Action item
Write all of the entries out again exactly, but not the images.

Data listing
"""
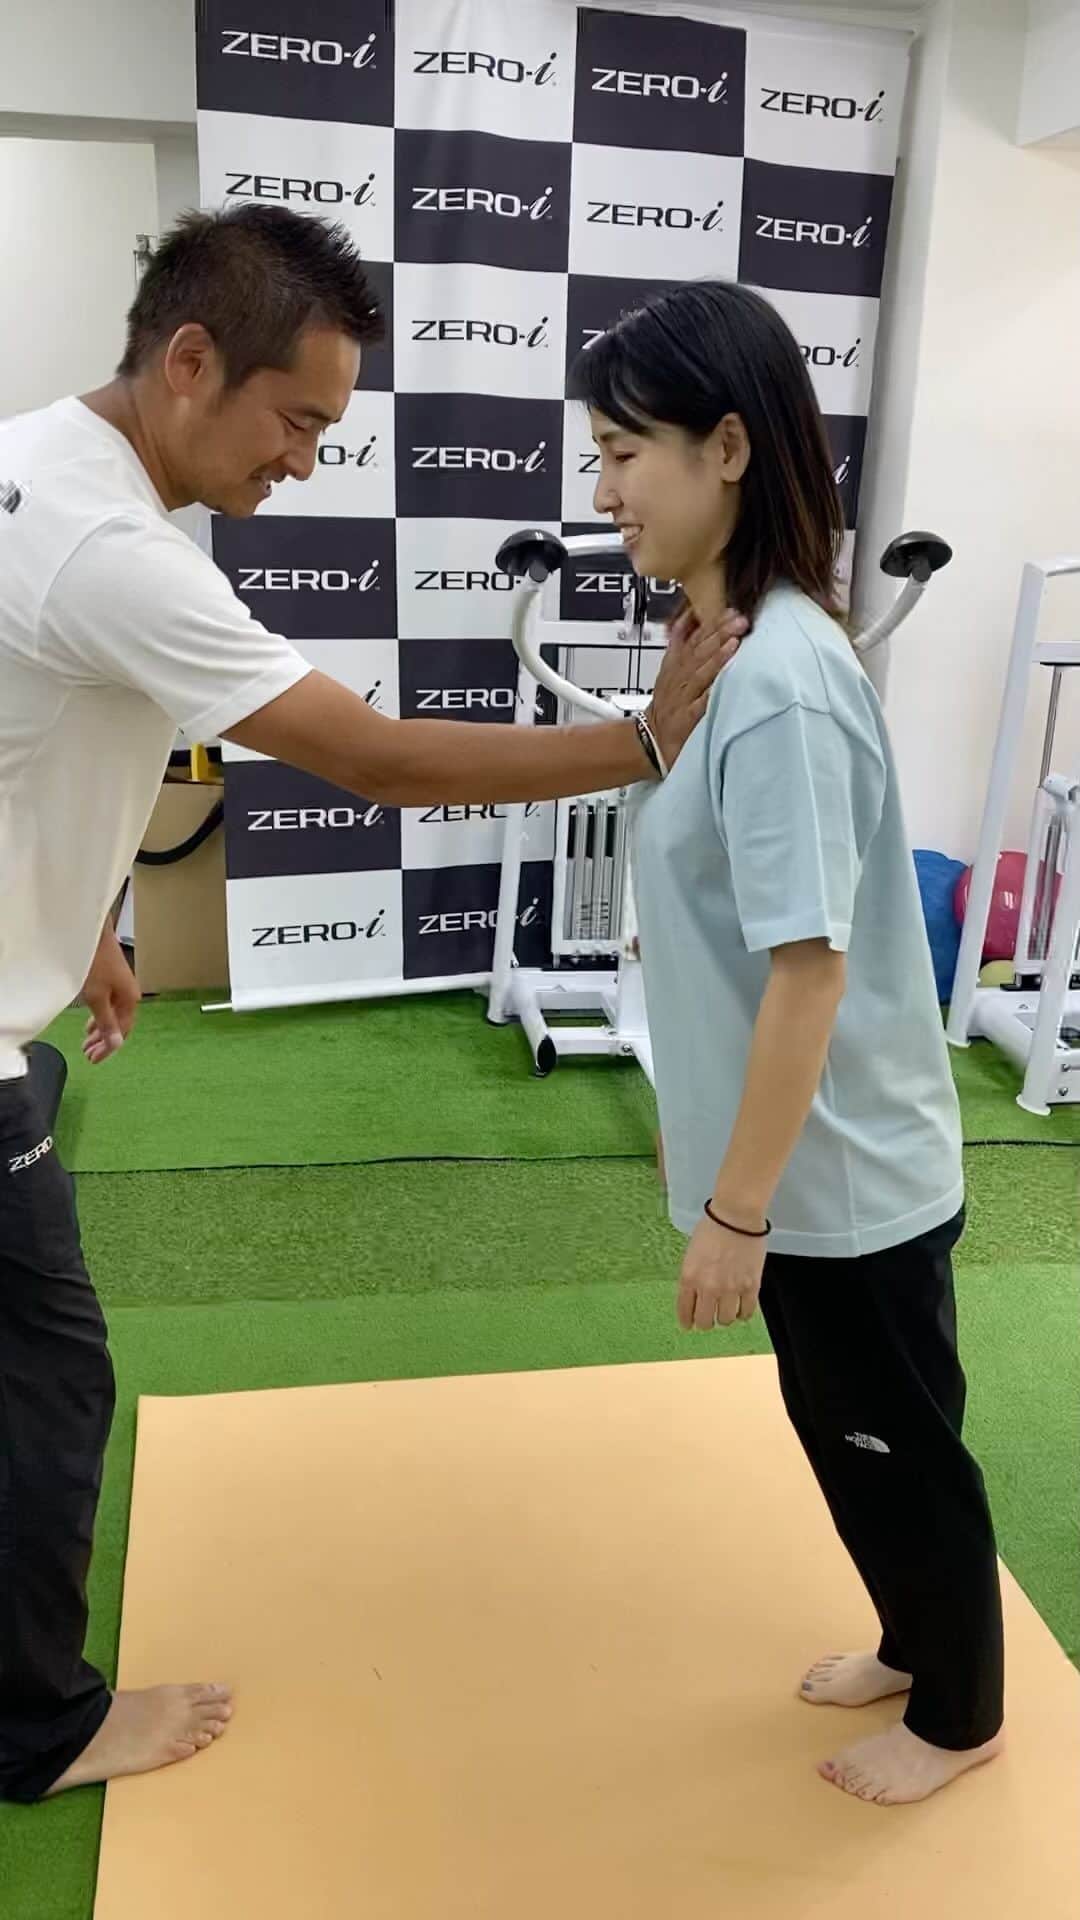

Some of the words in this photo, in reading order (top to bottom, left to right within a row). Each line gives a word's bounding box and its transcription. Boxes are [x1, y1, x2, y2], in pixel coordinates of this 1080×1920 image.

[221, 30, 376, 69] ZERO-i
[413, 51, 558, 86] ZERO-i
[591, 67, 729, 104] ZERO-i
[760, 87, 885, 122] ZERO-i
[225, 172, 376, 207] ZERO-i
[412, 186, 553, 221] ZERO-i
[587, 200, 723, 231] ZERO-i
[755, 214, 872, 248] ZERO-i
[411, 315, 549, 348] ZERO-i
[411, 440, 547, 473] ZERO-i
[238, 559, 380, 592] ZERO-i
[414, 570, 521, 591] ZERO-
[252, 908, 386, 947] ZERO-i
"""
Exercise result
Some of the words in this photo, in reading order (top to bottom, left to right within a row). Each line gives a word's bounding box and its transcription. Boxes are [x1, y1, x2, y2], in pixel coordinates of this 1080×1920 image.

[221, 30, 376, 69] ZERO-i
[413, 51, 558, 86] ZERO-i
[591, 67, 729, 104] ZERO-i
[760, 87, 885, 122] ZERO-i
[225, 172, 376, 207] ZERO-i
[412, 186, 553, 221] ZERO-i
[587, 200, 723, 231] ZERO-i
[755, 214, 872, 248] ZERO-i
[411, 315, 549, 348] ZERO-i
[411, 440, 547, 473] ZERO-i
[238, 559, 380, 592] ZERO-i
[414, 570, 521, 591] ZERO-
[252, 908, 386, 947] ZERO-i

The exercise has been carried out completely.